On Wednesday, the Federal Reserve extended its so-called Operation Twist program(selling short-term Treasurys and using the proceeds to buy long-term Treasurys) to the end of this year.
This timeline — and the central bank’s failure to explicitly extend its low-rate guidance — sets the country up for a drop-off in accommodative Fed policies, points out the firm’s chief U.S. economist, Jan Hatzius.
“The economy now faces a ‘monetary cliff’ in addition to the ‘fiscal cliff,’ ” wrote Hatzius, in a note to clients. “Our forecast implies that the U.S. economy will continue to struggle with slow growth and high unemployment of more than 8 percent going into 2013. Specifically, we forecast a slowdown in real (gross domestic product) growth to just 1.5 percent (quarter-on-quarter, annualized) in the first quarter of 2013.”

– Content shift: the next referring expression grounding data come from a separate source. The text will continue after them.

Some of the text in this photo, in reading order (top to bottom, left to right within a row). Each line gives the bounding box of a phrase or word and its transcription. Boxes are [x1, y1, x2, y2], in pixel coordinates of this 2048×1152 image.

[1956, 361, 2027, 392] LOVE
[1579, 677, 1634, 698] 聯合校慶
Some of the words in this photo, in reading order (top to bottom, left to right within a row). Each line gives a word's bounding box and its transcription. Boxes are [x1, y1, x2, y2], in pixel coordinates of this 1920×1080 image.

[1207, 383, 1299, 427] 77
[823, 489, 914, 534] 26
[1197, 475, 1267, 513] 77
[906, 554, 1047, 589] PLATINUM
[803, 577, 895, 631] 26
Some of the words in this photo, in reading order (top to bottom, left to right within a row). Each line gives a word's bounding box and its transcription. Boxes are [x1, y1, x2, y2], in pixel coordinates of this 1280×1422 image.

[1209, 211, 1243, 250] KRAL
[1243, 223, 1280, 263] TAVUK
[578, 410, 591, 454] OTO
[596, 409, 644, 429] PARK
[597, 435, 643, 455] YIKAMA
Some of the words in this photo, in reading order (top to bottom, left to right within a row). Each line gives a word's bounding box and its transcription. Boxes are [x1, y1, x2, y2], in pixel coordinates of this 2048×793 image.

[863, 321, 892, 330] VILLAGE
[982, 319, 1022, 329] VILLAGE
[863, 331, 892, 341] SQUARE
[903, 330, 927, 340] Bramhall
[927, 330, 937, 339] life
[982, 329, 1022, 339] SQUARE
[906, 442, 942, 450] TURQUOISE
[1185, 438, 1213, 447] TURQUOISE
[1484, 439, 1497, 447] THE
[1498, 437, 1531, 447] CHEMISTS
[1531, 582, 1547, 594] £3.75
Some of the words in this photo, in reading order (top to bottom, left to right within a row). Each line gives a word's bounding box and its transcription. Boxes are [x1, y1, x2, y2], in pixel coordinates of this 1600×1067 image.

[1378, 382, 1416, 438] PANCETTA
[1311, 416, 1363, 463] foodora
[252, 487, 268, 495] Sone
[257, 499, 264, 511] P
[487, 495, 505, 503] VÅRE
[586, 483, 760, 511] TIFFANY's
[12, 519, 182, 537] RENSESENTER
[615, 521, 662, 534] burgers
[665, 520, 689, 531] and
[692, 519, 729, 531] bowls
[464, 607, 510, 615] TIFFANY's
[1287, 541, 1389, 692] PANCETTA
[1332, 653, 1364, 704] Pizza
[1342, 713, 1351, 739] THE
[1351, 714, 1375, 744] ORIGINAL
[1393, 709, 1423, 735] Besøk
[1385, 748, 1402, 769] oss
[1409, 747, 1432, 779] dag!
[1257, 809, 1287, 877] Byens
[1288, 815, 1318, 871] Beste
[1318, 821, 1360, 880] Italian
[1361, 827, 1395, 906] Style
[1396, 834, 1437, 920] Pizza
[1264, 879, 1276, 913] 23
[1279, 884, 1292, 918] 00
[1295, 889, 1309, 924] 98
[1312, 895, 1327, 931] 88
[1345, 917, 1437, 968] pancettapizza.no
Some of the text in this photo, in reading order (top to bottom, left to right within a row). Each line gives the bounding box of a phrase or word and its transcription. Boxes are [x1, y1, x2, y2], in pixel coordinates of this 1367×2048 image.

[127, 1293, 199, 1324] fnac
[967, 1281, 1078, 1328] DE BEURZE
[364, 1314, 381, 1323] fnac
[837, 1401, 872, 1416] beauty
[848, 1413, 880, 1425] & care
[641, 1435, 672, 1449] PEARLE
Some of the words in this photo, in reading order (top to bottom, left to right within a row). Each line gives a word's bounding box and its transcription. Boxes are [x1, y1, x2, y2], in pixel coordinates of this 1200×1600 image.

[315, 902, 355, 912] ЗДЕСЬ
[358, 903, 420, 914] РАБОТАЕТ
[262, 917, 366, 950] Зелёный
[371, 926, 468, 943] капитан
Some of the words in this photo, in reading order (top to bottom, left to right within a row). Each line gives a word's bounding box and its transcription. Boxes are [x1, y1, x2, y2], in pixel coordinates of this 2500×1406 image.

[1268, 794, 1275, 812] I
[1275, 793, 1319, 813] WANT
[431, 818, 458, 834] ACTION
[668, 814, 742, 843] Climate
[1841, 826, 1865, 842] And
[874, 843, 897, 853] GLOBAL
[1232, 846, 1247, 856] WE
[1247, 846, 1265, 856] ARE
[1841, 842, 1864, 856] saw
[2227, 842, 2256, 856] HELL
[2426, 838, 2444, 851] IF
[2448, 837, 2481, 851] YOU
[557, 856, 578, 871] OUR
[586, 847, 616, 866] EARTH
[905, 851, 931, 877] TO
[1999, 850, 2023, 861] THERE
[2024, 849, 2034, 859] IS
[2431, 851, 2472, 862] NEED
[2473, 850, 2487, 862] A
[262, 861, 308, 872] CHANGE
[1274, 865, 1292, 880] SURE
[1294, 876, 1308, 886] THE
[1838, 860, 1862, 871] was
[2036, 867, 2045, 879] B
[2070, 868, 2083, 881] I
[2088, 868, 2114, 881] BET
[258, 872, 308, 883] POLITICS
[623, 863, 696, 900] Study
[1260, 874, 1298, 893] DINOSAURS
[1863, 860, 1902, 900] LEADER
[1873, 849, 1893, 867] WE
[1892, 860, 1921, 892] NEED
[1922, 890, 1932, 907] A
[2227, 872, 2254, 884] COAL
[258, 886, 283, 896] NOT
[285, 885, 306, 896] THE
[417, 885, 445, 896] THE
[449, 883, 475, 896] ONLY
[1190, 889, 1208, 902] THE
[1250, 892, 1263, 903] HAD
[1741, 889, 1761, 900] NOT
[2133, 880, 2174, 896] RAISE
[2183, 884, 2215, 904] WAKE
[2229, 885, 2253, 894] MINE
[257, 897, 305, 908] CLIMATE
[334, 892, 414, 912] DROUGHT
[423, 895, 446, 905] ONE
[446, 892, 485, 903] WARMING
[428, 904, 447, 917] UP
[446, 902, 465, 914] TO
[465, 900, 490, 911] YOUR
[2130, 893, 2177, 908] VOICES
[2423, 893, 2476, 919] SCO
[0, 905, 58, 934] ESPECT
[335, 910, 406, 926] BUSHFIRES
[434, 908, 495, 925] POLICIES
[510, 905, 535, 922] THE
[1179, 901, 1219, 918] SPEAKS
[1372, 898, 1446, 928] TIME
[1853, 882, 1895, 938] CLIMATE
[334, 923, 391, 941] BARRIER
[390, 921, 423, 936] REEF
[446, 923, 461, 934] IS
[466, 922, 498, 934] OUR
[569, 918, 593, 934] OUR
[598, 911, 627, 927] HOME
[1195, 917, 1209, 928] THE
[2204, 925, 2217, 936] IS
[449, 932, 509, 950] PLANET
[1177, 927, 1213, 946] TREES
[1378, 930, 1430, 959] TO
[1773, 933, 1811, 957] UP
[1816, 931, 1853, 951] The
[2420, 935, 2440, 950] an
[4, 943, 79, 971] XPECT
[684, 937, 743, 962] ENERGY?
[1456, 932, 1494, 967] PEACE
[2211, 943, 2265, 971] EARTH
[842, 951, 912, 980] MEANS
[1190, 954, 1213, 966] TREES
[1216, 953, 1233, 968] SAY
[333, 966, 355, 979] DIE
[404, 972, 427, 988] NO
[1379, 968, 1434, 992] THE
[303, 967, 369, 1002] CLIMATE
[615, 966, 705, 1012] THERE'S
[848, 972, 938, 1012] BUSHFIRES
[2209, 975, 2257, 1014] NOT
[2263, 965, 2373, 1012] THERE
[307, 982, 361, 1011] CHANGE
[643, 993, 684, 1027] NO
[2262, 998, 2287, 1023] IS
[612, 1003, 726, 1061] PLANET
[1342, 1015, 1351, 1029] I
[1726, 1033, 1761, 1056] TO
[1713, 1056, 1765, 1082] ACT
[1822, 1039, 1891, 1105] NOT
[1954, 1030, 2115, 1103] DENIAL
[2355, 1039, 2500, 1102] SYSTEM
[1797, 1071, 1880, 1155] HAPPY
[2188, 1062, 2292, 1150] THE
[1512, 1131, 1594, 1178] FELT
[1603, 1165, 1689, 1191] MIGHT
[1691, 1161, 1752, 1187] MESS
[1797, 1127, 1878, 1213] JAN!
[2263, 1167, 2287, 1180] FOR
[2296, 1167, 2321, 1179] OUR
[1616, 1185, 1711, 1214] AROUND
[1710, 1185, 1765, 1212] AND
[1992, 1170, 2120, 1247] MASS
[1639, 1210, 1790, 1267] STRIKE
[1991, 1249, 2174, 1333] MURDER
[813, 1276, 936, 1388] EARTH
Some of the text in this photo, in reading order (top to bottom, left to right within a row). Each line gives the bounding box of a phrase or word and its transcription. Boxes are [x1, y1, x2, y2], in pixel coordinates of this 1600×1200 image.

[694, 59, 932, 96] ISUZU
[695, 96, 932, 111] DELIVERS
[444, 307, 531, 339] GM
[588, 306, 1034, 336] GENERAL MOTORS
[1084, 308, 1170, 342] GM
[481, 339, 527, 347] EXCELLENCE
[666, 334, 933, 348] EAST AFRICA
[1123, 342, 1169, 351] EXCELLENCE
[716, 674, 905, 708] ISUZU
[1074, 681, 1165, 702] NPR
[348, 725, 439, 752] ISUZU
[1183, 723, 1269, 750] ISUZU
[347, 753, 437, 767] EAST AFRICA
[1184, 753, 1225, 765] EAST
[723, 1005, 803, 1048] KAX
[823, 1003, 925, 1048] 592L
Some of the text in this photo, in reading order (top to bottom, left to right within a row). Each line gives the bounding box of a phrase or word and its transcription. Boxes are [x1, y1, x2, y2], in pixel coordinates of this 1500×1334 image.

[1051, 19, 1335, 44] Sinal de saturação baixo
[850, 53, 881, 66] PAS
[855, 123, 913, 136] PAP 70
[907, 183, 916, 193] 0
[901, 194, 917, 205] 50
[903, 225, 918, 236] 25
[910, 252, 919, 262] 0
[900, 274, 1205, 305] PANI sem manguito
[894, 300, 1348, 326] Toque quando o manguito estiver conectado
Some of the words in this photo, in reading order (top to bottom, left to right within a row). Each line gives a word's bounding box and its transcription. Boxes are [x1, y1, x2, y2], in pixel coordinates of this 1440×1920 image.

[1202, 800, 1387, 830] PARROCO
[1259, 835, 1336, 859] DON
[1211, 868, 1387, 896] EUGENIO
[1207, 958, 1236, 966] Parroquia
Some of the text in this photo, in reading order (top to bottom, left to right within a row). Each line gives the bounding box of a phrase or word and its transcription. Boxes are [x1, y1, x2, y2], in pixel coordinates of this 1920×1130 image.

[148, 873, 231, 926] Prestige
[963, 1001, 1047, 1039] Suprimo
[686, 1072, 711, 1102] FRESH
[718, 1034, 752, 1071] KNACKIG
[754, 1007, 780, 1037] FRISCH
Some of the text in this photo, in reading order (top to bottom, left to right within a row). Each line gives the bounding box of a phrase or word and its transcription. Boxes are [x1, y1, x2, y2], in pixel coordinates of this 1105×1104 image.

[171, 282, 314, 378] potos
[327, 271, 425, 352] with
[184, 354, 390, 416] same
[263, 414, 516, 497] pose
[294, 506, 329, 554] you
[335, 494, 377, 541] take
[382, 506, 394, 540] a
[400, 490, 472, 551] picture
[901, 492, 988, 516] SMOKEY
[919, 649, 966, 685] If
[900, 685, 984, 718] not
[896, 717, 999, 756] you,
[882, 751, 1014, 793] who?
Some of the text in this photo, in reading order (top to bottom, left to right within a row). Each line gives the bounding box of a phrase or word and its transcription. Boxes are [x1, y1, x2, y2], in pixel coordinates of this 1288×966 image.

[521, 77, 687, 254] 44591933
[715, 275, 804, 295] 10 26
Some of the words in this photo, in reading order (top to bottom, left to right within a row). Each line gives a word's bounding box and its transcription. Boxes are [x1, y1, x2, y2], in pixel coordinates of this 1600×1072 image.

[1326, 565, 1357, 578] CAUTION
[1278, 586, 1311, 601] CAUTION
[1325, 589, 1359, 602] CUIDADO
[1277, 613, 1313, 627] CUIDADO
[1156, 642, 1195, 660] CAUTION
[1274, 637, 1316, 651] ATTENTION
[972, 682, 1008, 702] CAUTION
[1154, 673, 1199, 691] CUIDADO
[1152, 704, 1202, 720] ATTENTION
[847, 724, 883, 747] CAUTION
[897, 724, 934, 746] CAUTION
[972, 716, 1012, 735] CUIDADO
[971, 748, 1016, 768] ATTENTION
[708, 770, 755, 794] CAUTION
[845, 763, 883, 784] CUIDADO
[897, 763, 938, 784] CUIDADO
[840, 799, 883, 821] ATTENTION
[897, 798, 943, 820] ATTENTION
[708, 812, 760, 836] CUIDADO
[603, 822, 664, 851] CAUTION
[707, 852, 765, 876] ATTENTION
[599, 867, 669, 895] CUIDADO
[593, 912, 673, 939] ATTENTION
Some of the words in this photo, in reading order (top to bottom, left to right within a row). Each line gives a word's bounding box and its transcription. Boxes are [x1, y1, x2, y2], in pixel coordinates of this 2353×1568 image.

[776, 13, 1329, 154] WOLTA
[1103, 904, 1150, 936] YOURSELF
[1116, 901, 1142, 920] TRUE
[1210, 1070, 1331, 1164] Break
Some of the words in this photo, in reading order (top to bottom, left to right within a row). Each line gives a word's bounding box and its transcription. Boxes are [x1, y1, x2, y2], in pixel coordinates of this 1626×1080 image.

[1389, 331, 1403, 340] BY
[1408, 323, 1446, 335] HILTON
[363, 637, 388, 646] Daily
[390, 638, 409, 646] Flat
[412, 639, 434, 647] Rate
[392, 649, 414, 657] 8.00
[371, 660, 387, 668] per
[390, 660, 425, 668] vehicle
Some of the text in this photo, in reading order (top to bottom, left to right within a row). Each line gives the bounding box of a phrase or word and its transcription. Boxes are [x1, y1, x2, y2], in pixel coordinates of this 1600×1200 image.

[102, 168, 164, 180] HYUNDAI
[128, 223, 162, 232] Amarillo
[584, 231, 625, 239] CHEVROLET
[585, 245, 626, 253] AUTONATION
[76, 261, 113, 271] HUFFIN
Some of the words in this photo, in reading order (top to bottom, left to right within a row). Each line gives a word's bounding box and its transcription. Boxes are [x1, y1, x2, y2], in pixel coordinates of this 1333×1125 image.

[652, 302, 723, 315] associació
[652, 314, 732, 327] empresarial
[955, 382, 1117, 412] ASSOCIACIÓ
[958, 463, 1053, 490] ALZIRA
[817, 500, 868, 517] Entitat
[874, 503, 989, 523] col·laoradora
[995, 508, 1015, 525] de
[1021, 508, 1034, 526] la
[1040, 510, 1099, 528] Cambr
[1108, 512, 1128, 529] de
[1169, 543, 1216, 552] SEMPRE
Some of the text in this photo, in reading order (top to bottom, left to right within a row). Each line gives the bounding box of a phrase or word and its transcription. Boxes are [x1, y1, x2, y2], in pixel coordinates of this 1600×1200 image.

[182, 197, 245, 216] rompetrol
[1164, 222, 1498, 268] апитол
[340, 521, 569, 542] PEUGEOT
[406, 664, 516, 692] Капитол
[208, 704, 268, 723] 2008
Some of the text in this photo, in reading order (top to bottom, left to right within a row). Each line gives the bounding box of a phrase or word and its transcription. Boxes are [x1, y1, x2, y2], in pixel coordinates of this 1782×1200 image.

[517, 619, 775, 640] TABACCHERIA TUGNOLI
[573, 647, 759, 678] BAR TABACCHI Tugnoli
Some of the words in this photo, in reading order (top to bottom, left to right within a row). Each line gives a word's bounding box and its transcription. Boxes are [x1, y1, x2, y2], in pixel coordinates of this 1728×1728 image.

By now, one has surely heard of the so-called fiscal cliff, which refers to the expiration at the end of this year of several tax cuts enacted under President George W. Bush, as well as mandatory spending cuts resulting from the debt ceiling fight last summer.
The two cliffs lead Hatzius to his dire forecast, but also make the market-moving economist believe that the Fed won’t just sit idly by.
“The concluding sentence in the post-meeting statement now says that the FOMC ‘is prepared to take further action,’ whereas previously the statement said that the committee would ‘regularly review the size and composition of its securities holdings,’” points out Hatzius.
“The most natural avenue would be a return to large-scale asset purchases, but Chairman Bernanke’s reaction to a question on the Bank of England’s recently announced credit easing program — he simply said ‘we are interested’ — suggests that a Fed program explicitly designed to improve credit availability is also a possibility,” wrote the economist.